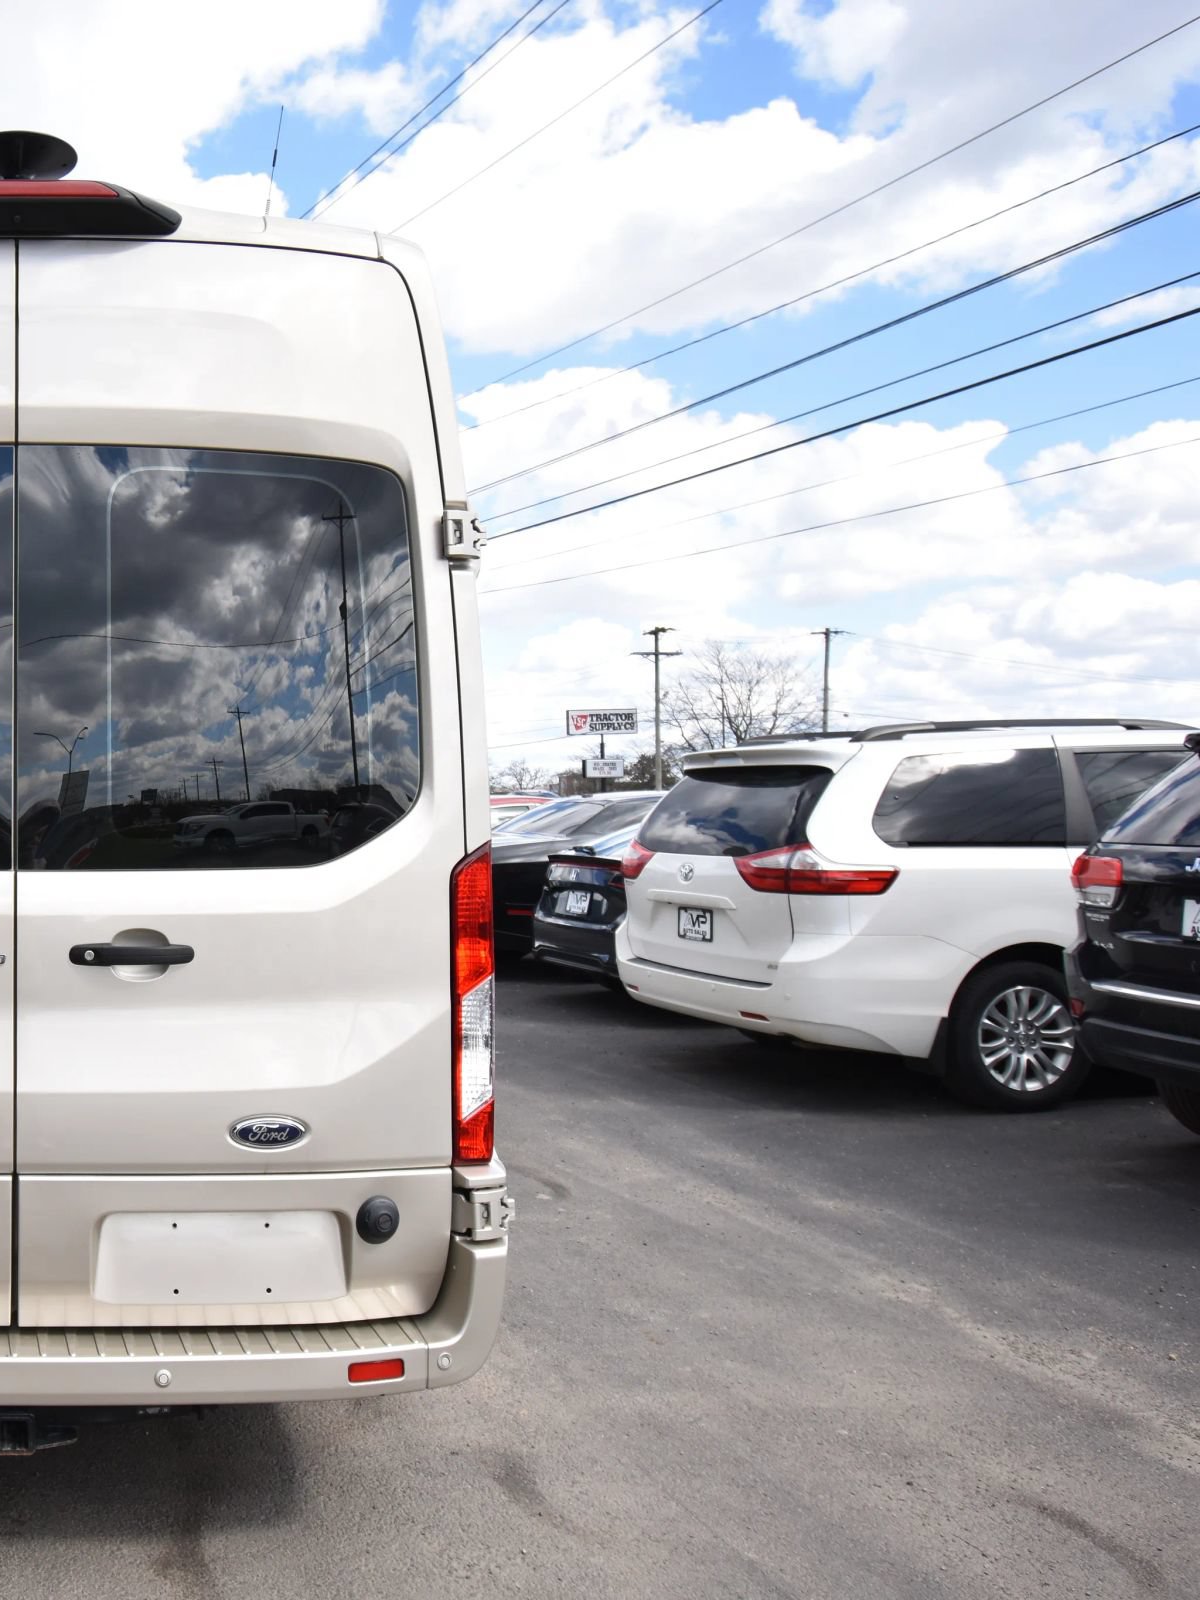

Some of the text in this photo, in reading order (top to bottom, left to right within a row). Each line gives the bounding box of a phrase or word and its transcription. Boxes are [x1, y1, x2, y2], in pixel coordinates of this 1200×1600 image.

[588, 713, 634, 722] TRACTOR
[589, 722, 622, 731] SUPPLY
[248, 1123, 289, 1142] Ford
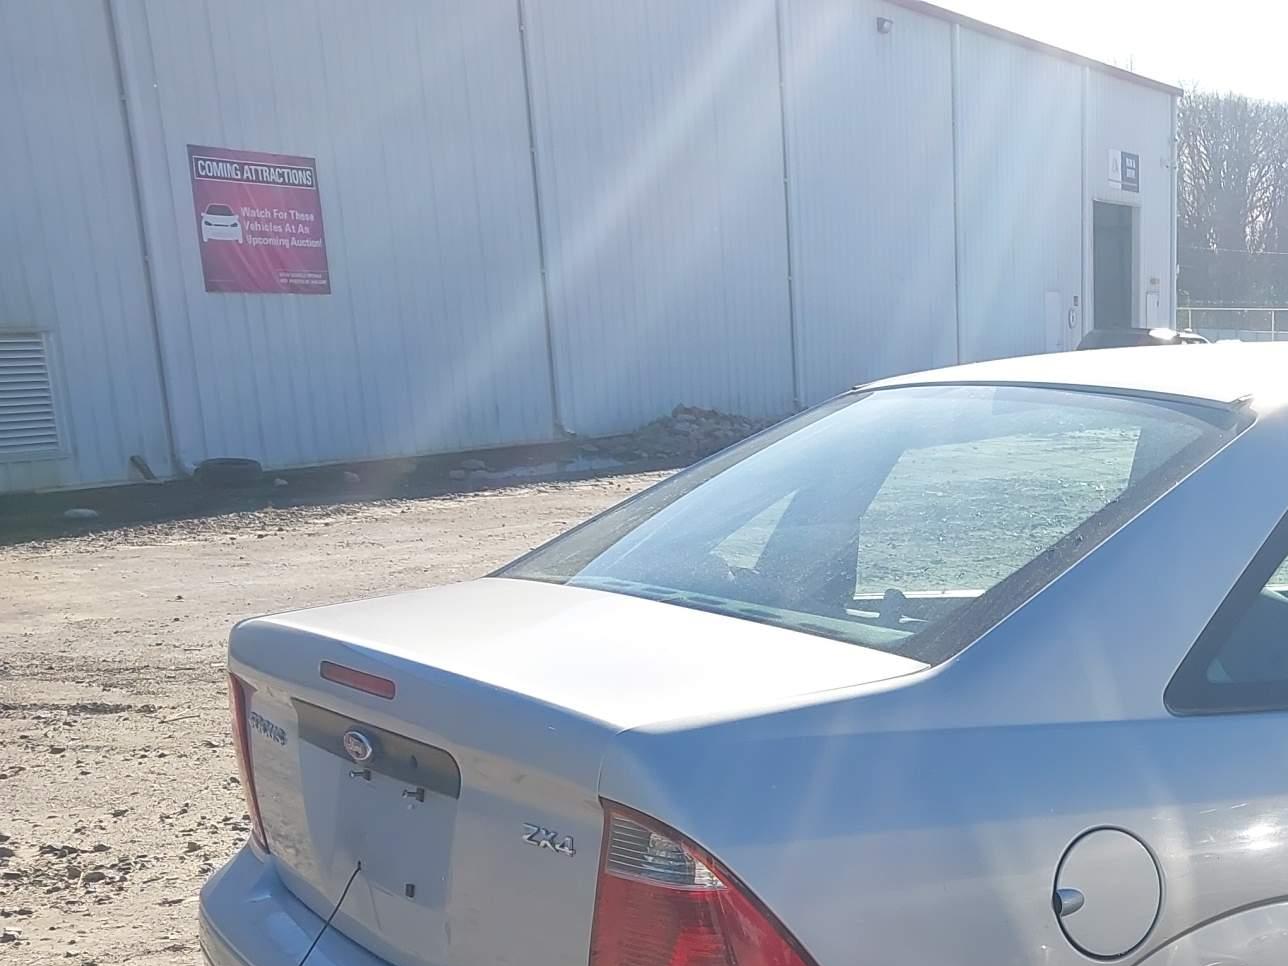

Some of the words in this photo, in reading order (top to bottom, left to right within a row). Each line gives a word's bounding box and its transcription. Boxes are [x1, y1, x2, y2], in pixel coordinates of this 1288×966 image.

[198, 160, 241, 179] COMING
[243, 165, 312, 185] ATTRACTIONS
[240, 207, 271, 219] Watch
[273, 208, 288, 220] For
[288, 210, 314, 221] These
[244, 220, 283, 233] Vehicles
[285, 223, 297, 234] At
[246, 235, 290, 248] Upcoming
[521, 822, 577, 857] ZX4

### [WHAT YOU NEED TO DO]
Set the listing down exactly, without its pictures.

### [EXERCISE OUTPUT]
Some of the text in this photo, in reading order (top to bottom, left to right within a row). Each line gives the bounding box of a phrase or word and its transcription. Boxes are [x1, y1, x2, y2], in pixel coordinates of this 1200×1600 image.

[588, 713, 634, 722] TRACTOR
[589, 722, 622, 731] SUPPLY
[248, 1123, 289, 1142] Ford

Some of the words in this photo, in reading order (top to bottom, left to right within a row). Each line gives a word's bounding box and its transcription. Boxes are [x1, y1, x2, y2], in pixel coordinates of this 1288×966 image.

[198, 160, 241, 179] COMING
[243, 165, 312, 185] ATTRACTIONS
[240, 207, 271, 219] Watch
[273, 208, 288, 220] For
[288, 210, 314, 221] These
[244, 220, 283, 233] Vehicles
[285, 223, 297, 234] At
[246, 235, 290, 248] Upcoming
[521, 822, 577, 857] ZX4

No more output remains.